## Task objective
Copy every entry below verbatim, except for images.

[Images for object localization]
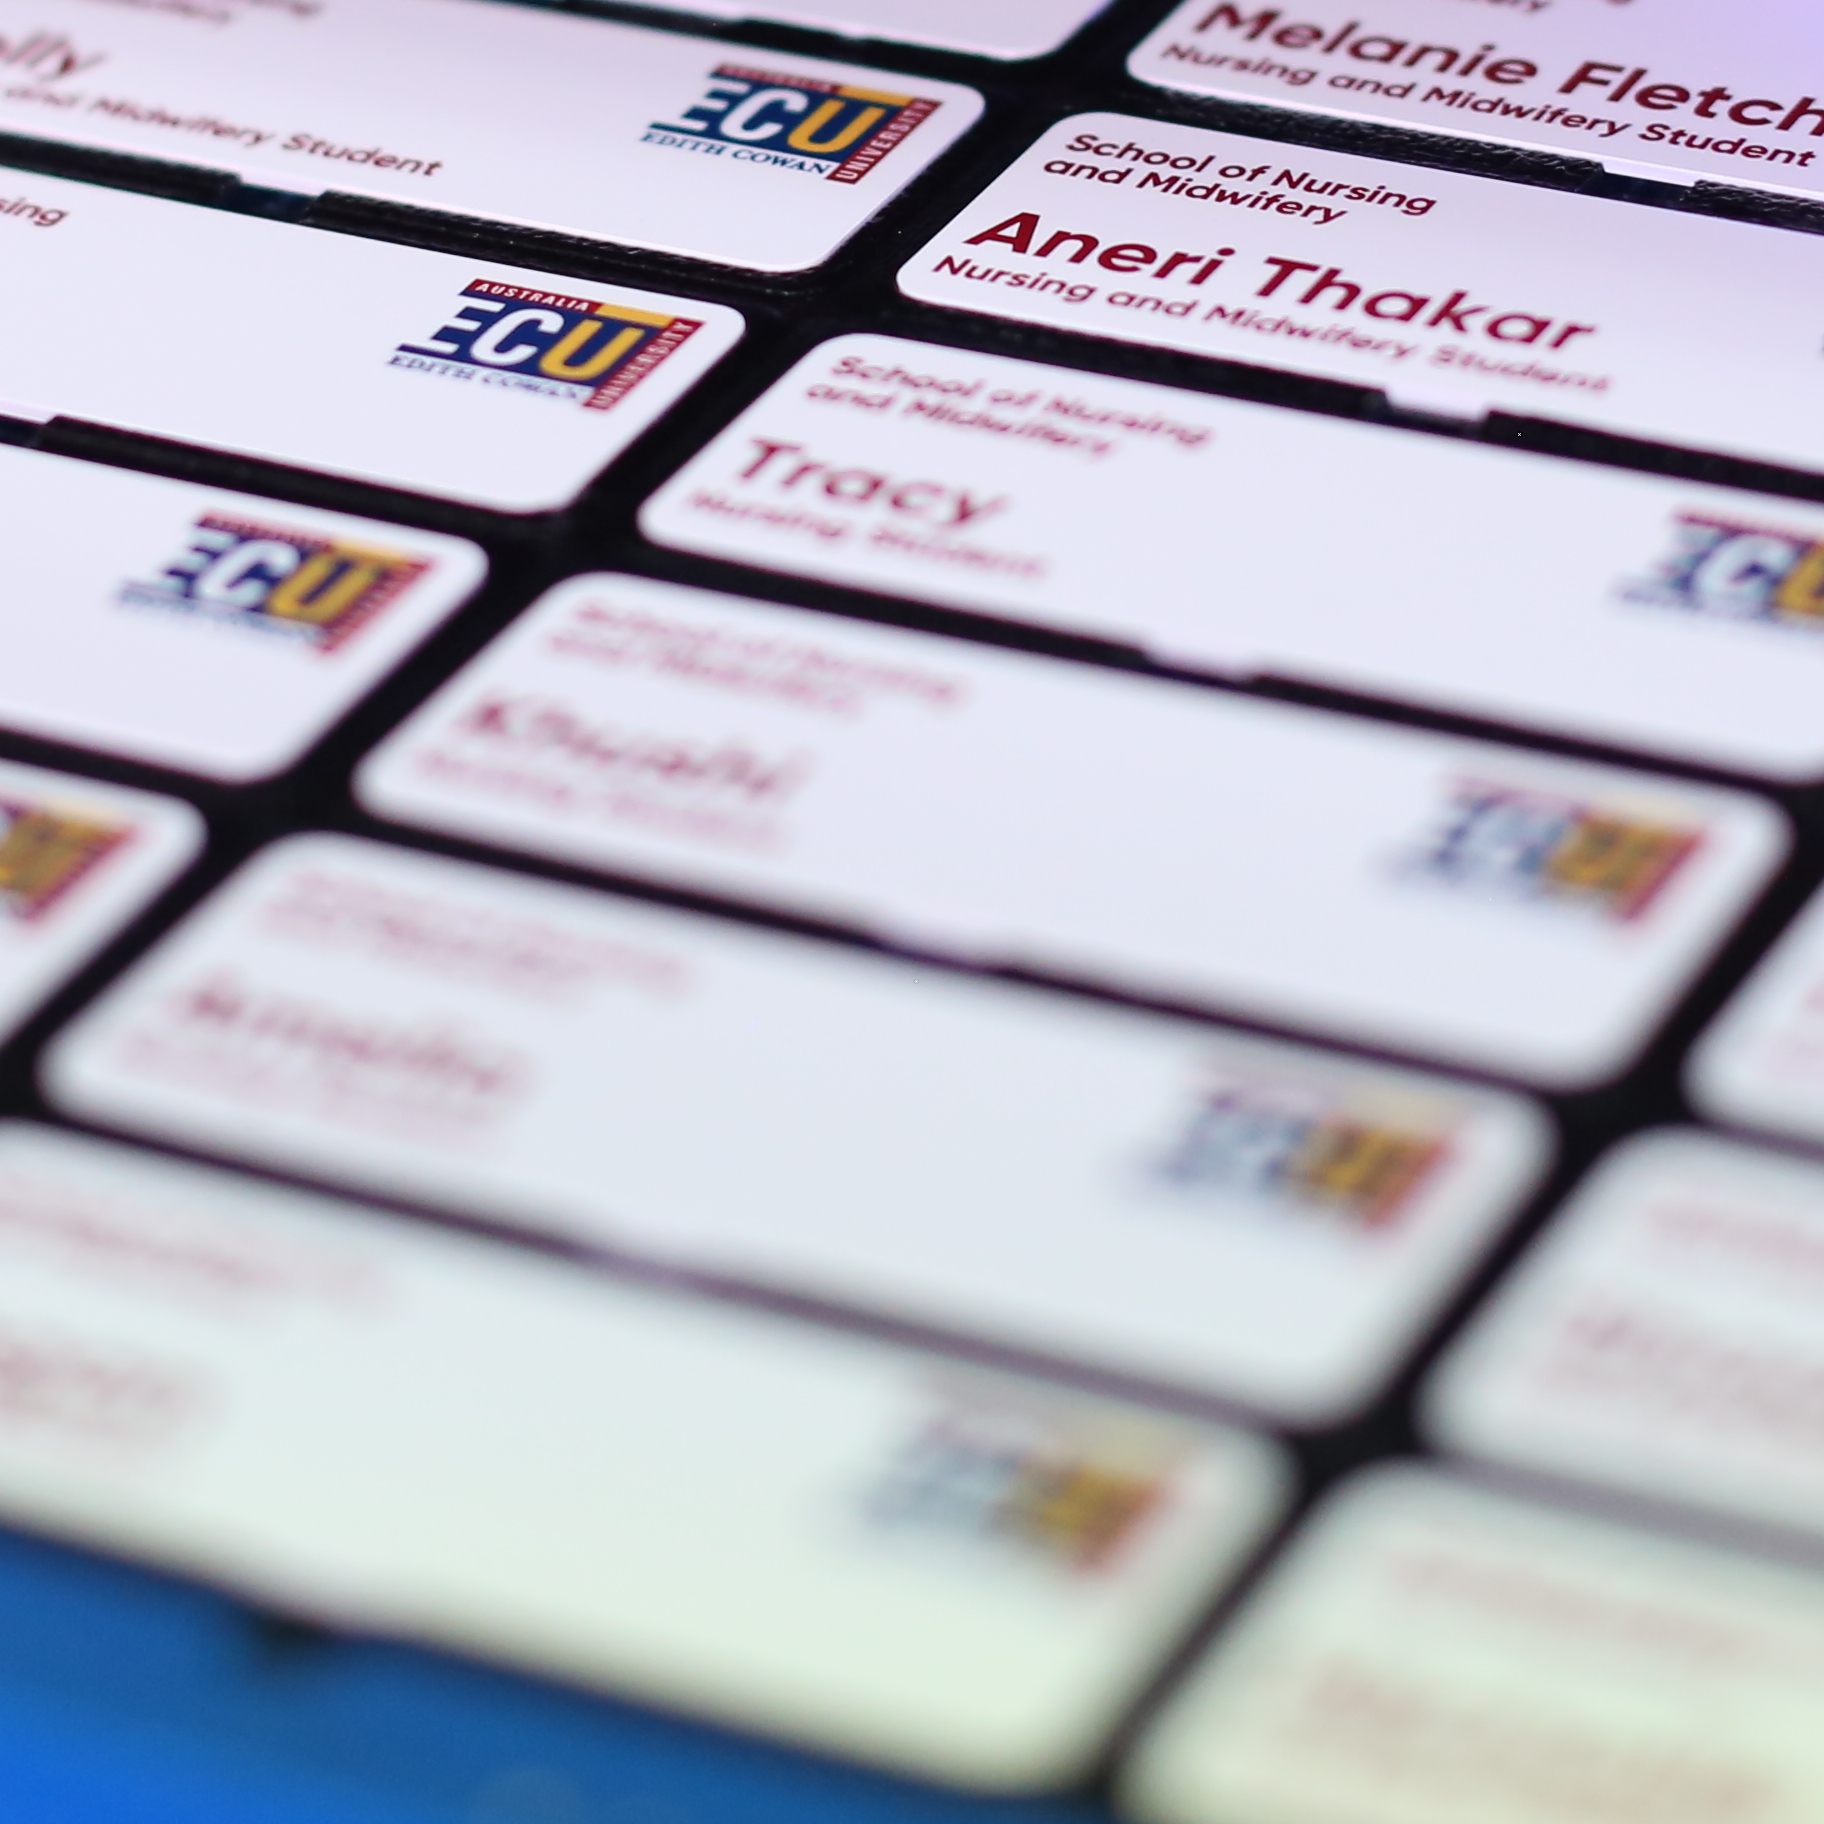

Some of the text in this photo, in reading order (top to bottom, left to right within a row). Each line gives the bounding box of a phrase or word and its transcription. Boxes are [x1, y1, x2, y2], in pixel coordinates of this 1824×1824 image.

[1192, 0, 1542, 87] Melanie
[89, 96, 270, 150] Midwifery
[279, 131, 445, 180] Student
[672, 83, 887, 155] ECU
[836, 98, 939, 182] UNIVERSITY
[1159, 42, 1818, 171] Nursing and Midwifery Student
[639, 131, 832, 176] EDITH COWAN
[1042, 154, 1348, 226] and Midwifery
[1063, 132, 1438, 217] School of Nursing
[473, 282, 591, 312] AUSTRALIA
[932, 254, 1098, 304] Nursing
[1106, 284, 1196, 317] and
[1202, 302, 1417, 363] Midwifery
[962, 210, 1599, 352] Aneri Thakar
[386, 352, 476, 381] EDITH
[423, 300, 645, 381] ECU
[738, 436, 1014, 531] Tracy
[158, 530, 381, 626] ECU

## Exercise response
Some of the text in this photo, in reading order (top to bottom, left to right within a row). Each line gives the bounding box of a phrase or word and its transcription. Boxes are [x1, y1, x2, y2], in pixel coordinates of this 1824×1824 image.

[1192, 0, 1542, 87] Melanie
[89, 96, 270, 150] Midwifery
[279, 131, 445, 180] Student
[672, 83, 887, 155] ECU
[836, 98, 939, 182] UNIVERSITY
[1159, 42, 1818, 171] Nursing and Midwifery Student
[639, 131, 832, 176] EDITH COWAN
[1042, 154, 1348, 226] and Midwifery
[1063, 132, 1438, 217] School of Nursing
[473, 282, 591, 312] AUSTRALIA
[932, 254, 1098, 304] Nursing
[1106, 284, 1196, 317] and
[1202, 302, 1417, 363] Midwifery
[962, 210, 1599, 352] Aneri Thakar
[386, 352, 476, 381] EDITH
[423, 300, 645, 381] ECU
[738, 436, 1014, 531] Tracy
[158, 530, 381, 626] ECU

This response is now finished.